[[ Information given open ]]

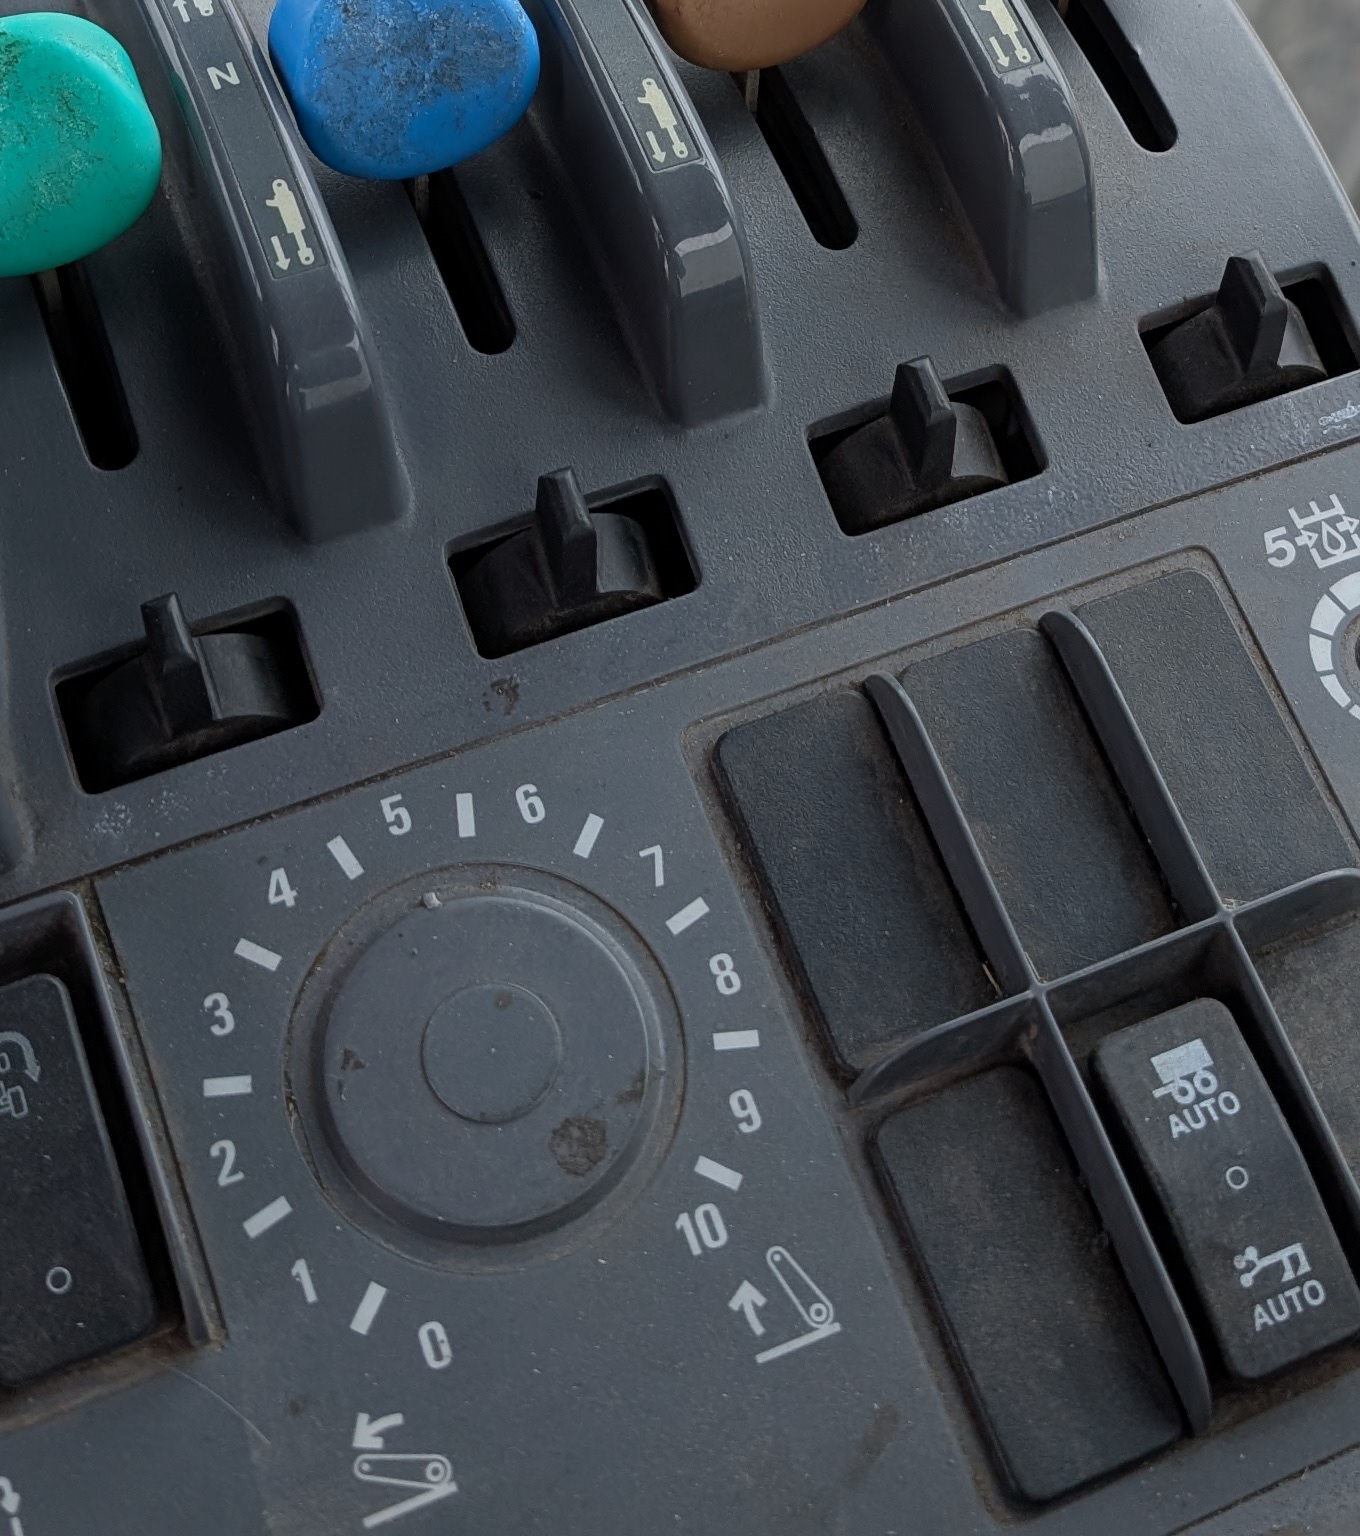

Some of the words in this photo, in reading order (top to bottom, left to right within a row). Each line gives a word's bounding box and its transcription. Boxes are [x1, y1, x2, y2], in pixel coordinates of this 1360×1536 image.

[206, 61, 241, 90] N
[1263, 526, 1297, 568] 5
[380, 793, 412, 836] 5
[515, 783, 546, 824] 6
[268, 867, 298, 908] 4
[638, 844, 665, 887] 7
[709, 952, 742, 996] 8
[203, 992, 235, 1036] 3
[729, 1089, 762, 1134] 9
[1167, 1090, 1241, 1139] AUTO
[209, 1139, 245, 1187] 2
[675, 1203, 728, 1256] 10
[291, 1258, 318, 1304] 1
[1252, 1278, 1326, 1332] AUTO
[418, 1321, 452, 1370] 0

[[ Information given closed ]]

- _Exercise prompt_: Each record above must be retyped exactly, minus its pictures.

- _Response to the exercise_:
Some of the words in this photo, in reading order (top to bottom, left to right within a row). Each line gives a word's bounding box and its transcription. Boxes are [x1, y1, x2, y2], in pixel coordinates of this 1360×1536 image.

[206, 61, 241, 90] N
[1263, 526, 1297, 568] 5
[380, 793, 412, 836] 5
[515, 783, 546, 824] 6
[268, 867, 298, 908] 4
[638, 844, 665, 887] 7
[709, 952, 742, 996] 8
[203, 992, 235, 1036] 3
[729, 1089, 762, 1134] 9
[1167, 1090, 1241, 1139] AUTO
[209, 1139, 245, 1187] 2
[675, 1203, 728, 1256] 10
[291, 1258, 318, 1304] 1
[1252, 1278, 1326, 1332] AUTO
[418, 1321, 452, 1370] 0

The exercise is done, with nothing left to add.